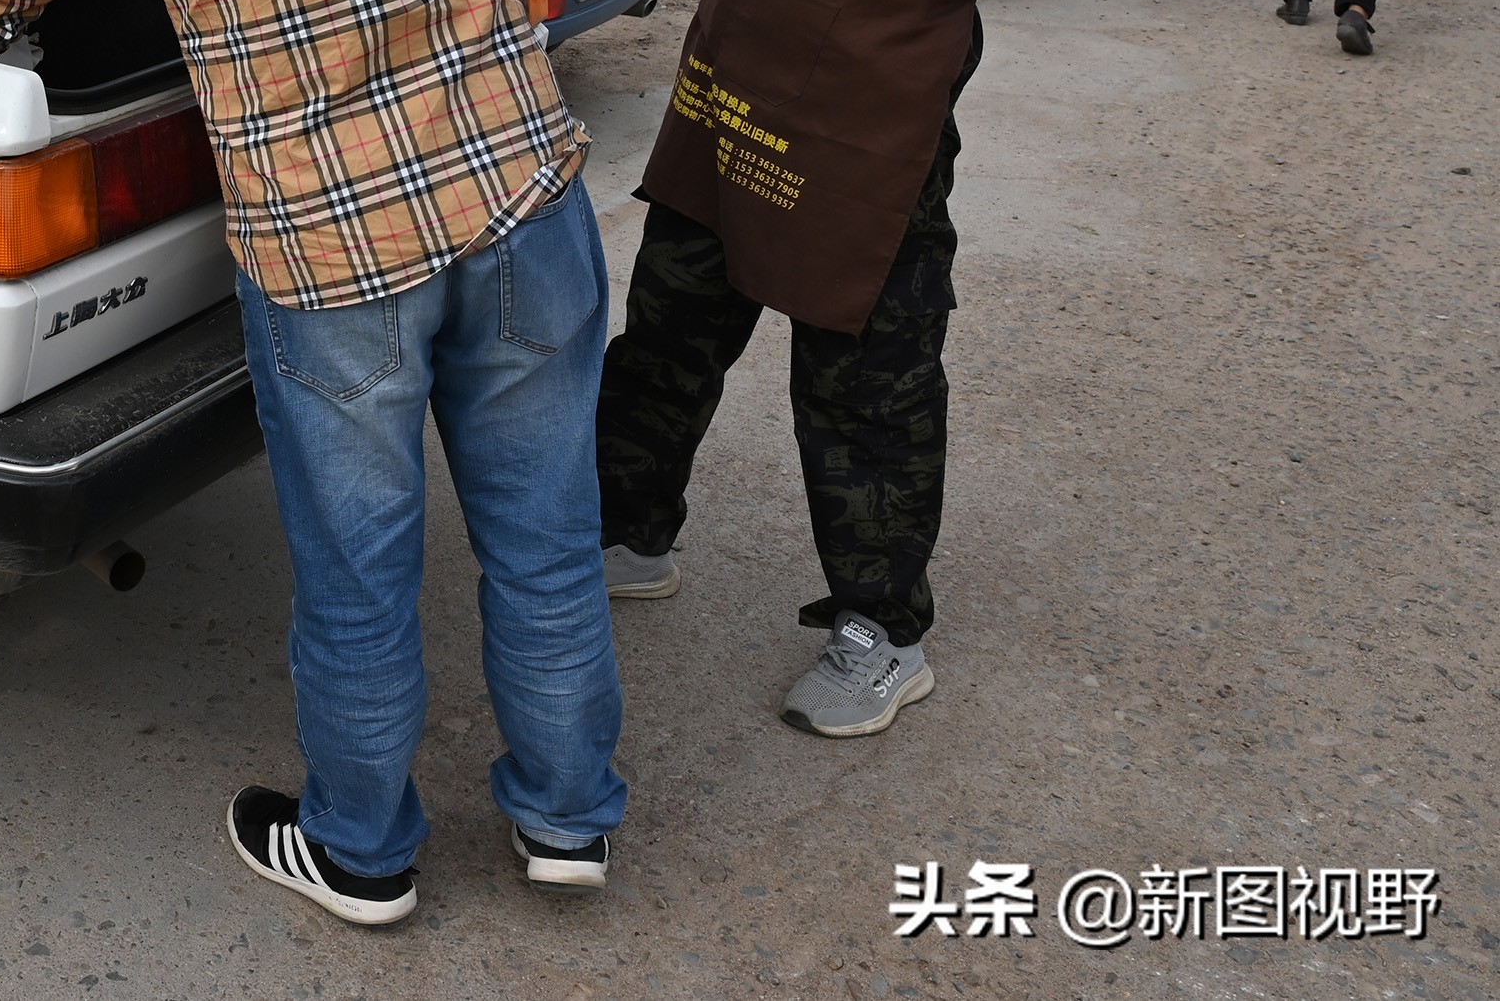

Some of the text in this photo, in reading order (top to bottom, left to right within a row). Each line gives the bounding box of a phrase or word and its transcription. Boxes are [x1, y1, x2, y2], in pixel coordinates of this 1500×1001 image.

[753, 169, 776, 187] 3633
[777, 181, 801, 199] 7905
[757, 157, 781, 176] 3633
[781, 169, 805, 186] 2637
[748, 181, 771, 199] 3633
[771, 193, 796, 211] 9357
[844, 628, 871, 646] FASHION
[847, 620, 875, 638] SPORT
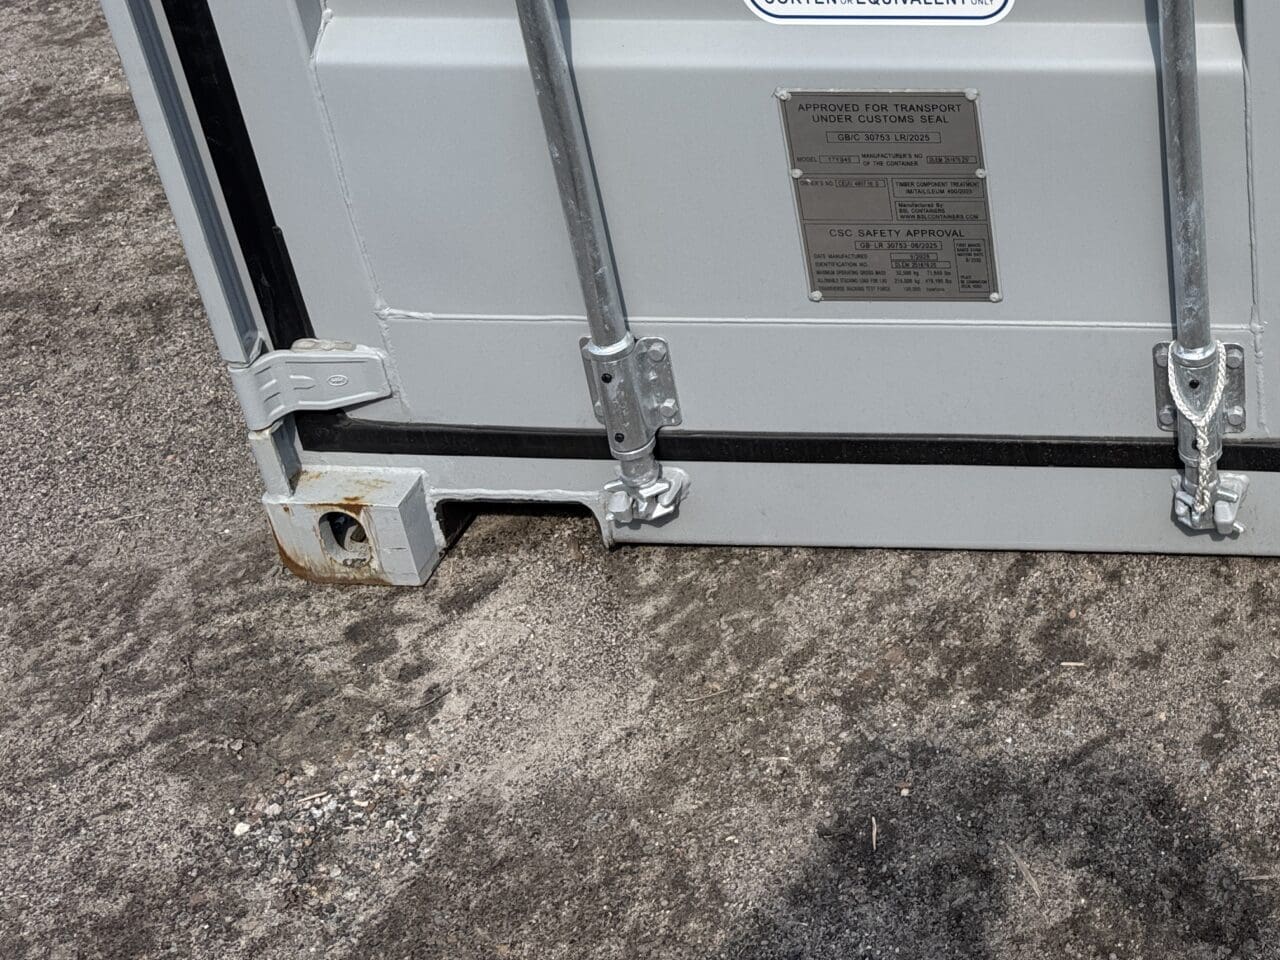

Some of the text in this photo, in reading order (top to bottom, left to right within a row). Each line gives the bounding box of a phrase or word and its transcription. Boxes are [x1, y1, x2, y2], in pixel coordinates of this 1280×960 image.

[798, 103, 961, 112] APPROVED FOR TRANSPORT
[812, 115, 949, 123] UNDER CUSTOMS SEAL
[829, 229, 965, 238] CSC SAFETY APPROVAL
————————
PROMPT ::
Through the last line of the entries above, beginning at the line containing "this 1280×960 image.", transcribe each line exactly, both ends included and nothing more.

COMPLETED EXERCISE ::
Some of the text in this photo, in reading order (top to bottom, left to right within a row). Each line gives the bounding box of a phrase or word and its transcription. Boxes are [x1, y1, x2, y2], in pixel coordinates of this 1280×960 image.

[798, 103, 961, 112] APPROVED FOR TRANSPORT
[812, 115, 949, 123] UNDER CUSTOMS SEAL
[829, 229, 965, 238] CSC SAFETY APPROVAL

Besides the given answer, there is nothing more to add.